• [Records for the task]:
---------------
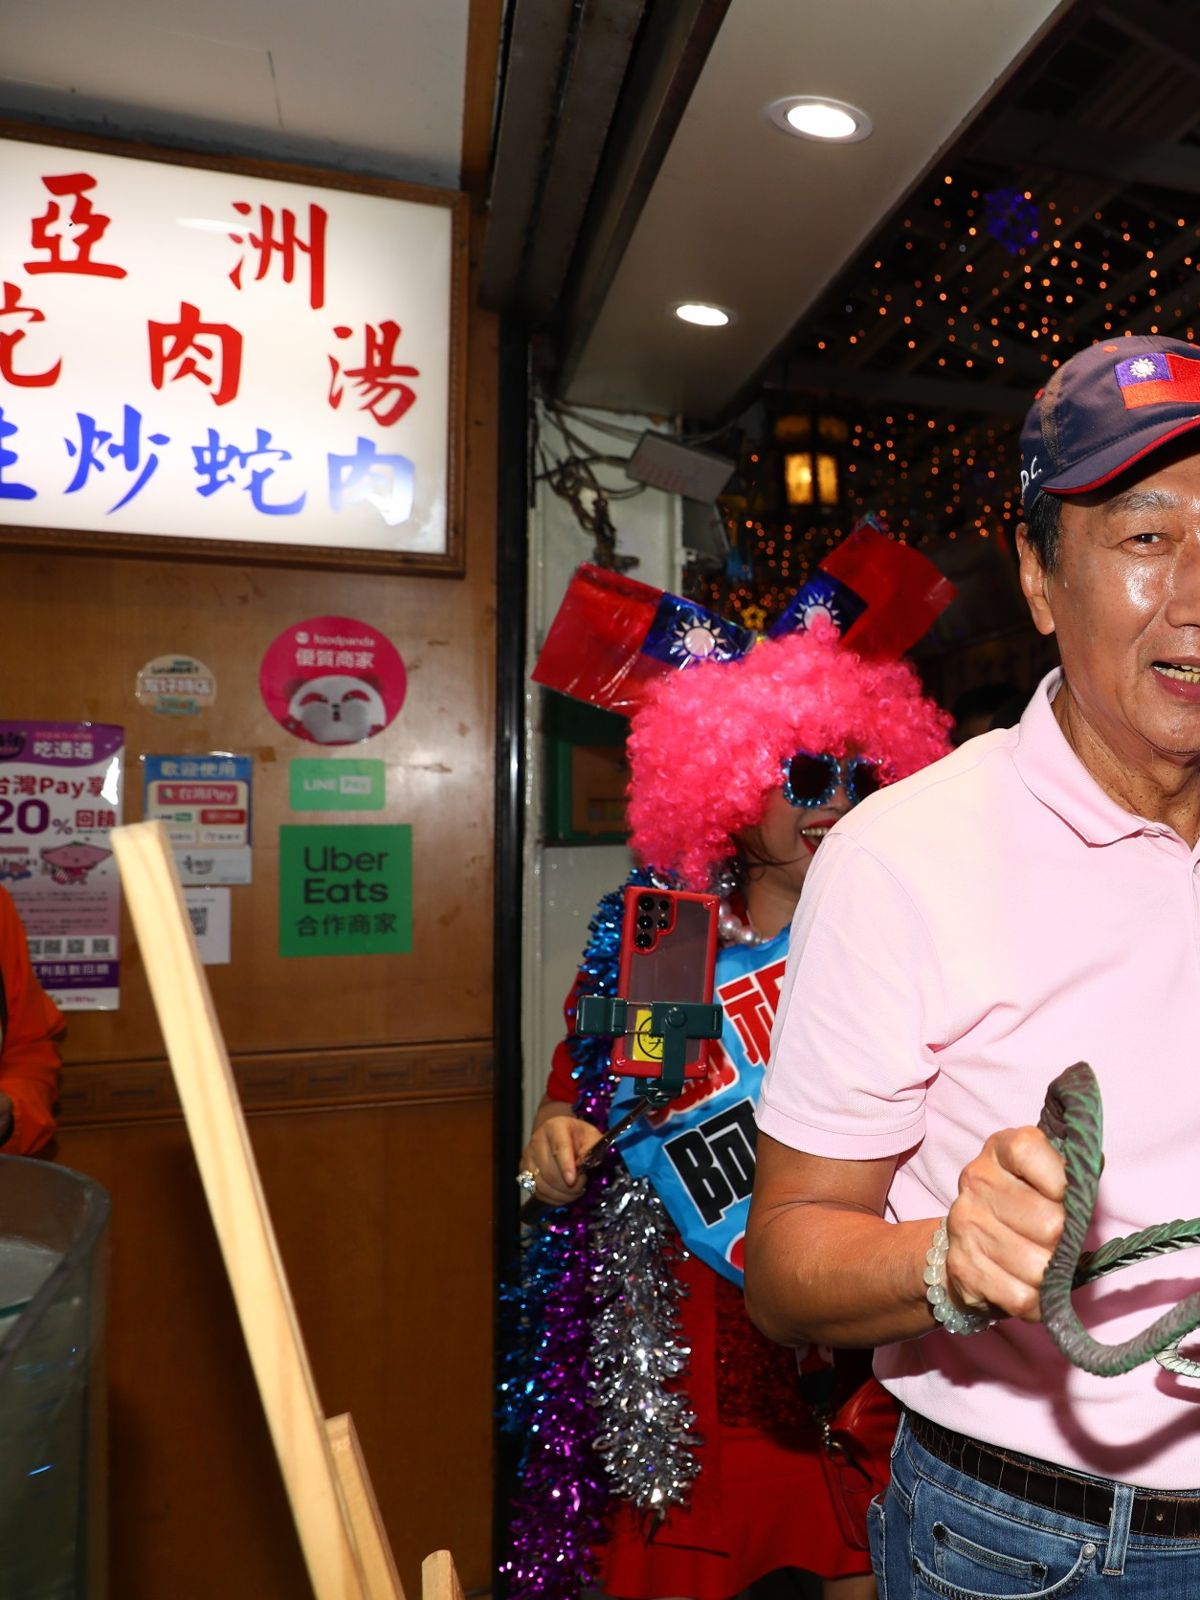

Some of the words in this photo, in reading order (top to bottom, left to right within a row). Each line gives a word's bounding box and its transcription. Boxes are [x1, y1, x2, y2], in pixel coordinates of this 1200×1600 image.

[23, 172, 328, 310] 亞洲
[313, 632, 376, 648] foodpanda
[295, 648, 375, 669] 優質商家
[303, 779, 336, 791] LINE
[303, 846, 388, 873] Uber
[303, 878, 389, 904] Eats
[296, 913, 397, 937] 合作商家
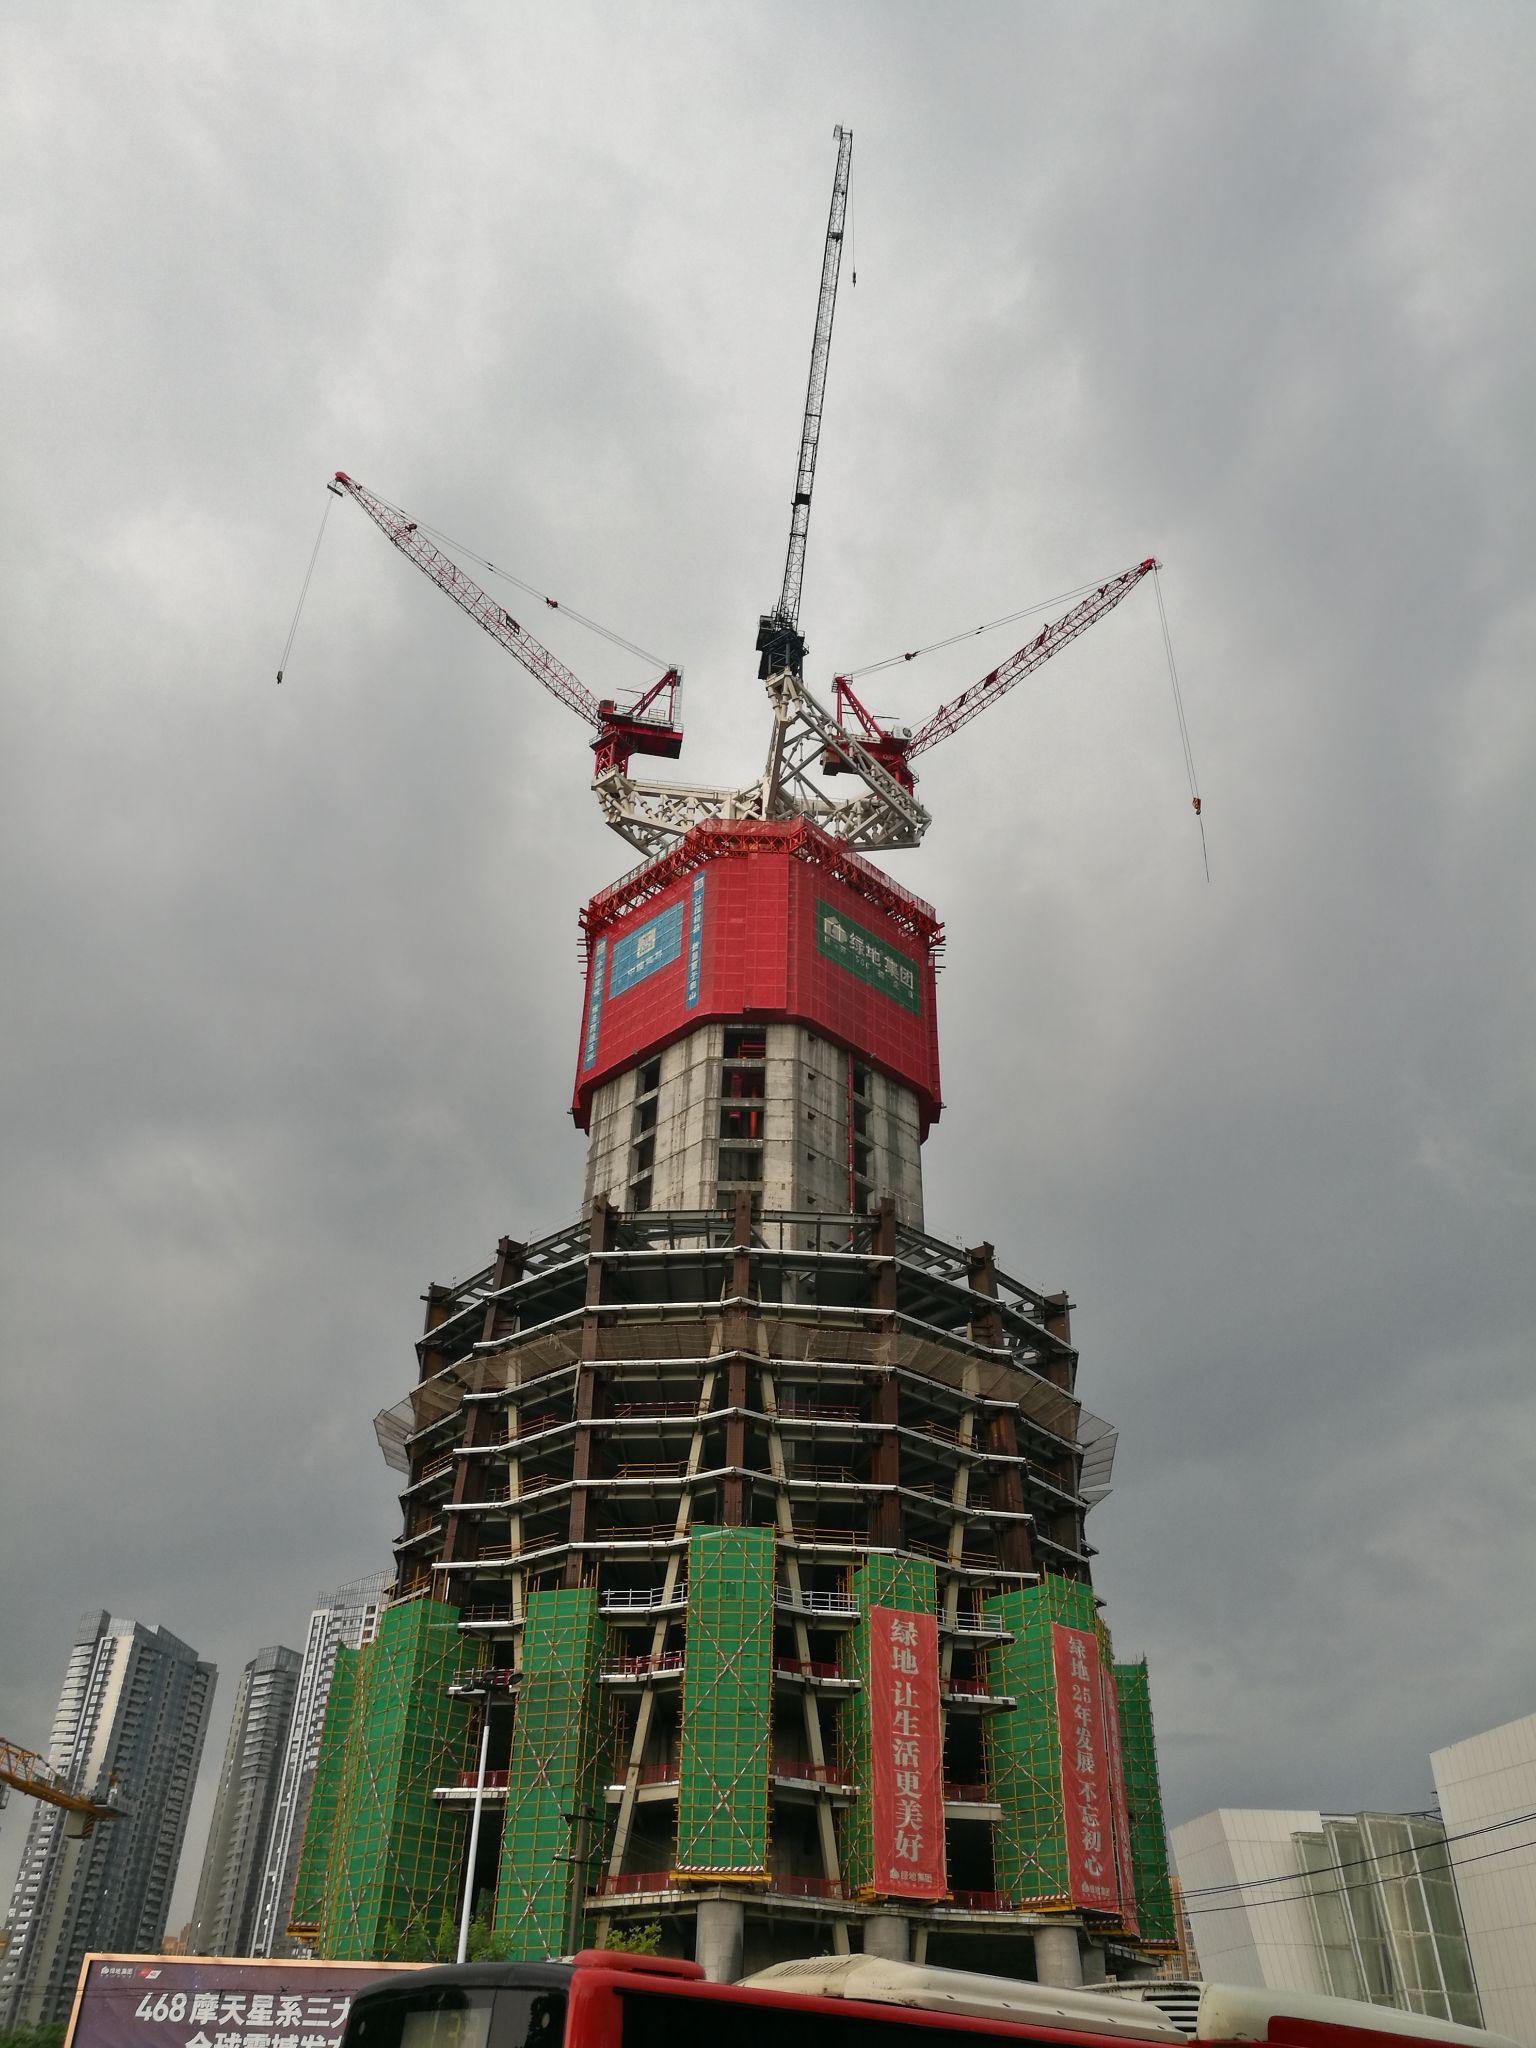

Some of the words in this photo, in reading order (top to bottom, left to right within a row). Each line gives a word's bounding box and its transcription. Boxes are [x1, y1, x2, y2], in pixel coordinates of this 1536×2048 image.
---------------
Set down every record above exactly as it stands, but skip the pictures.

• [Response box]:
Some of the words in this photo, in reading order (top to bottom, left to right within a row). Each line gives a word's bounding box and its transcription. Boxes are [x1, y1, x2, y2], in pixel coordinates of this 1200×1600 image.

[23, 172, 328, 310] 亞洲
[313, 632, 376, 648] foodpanda
[295, 648, 375, 669] 優質商家
[303, 779, 336, 791] LINE
[303, 846, 388, 873] Uber
[303, 878, 389, 904] Eats
[296, 913, 397, 937] 合作商家

Some of the words in this photo, in reading order (top to bottom, left to right within a row). Each line gives a word's bounding box and its transcription. Boxes are [x1, y1, x2, y2], in pixel coordinates of this 1536×2048 image.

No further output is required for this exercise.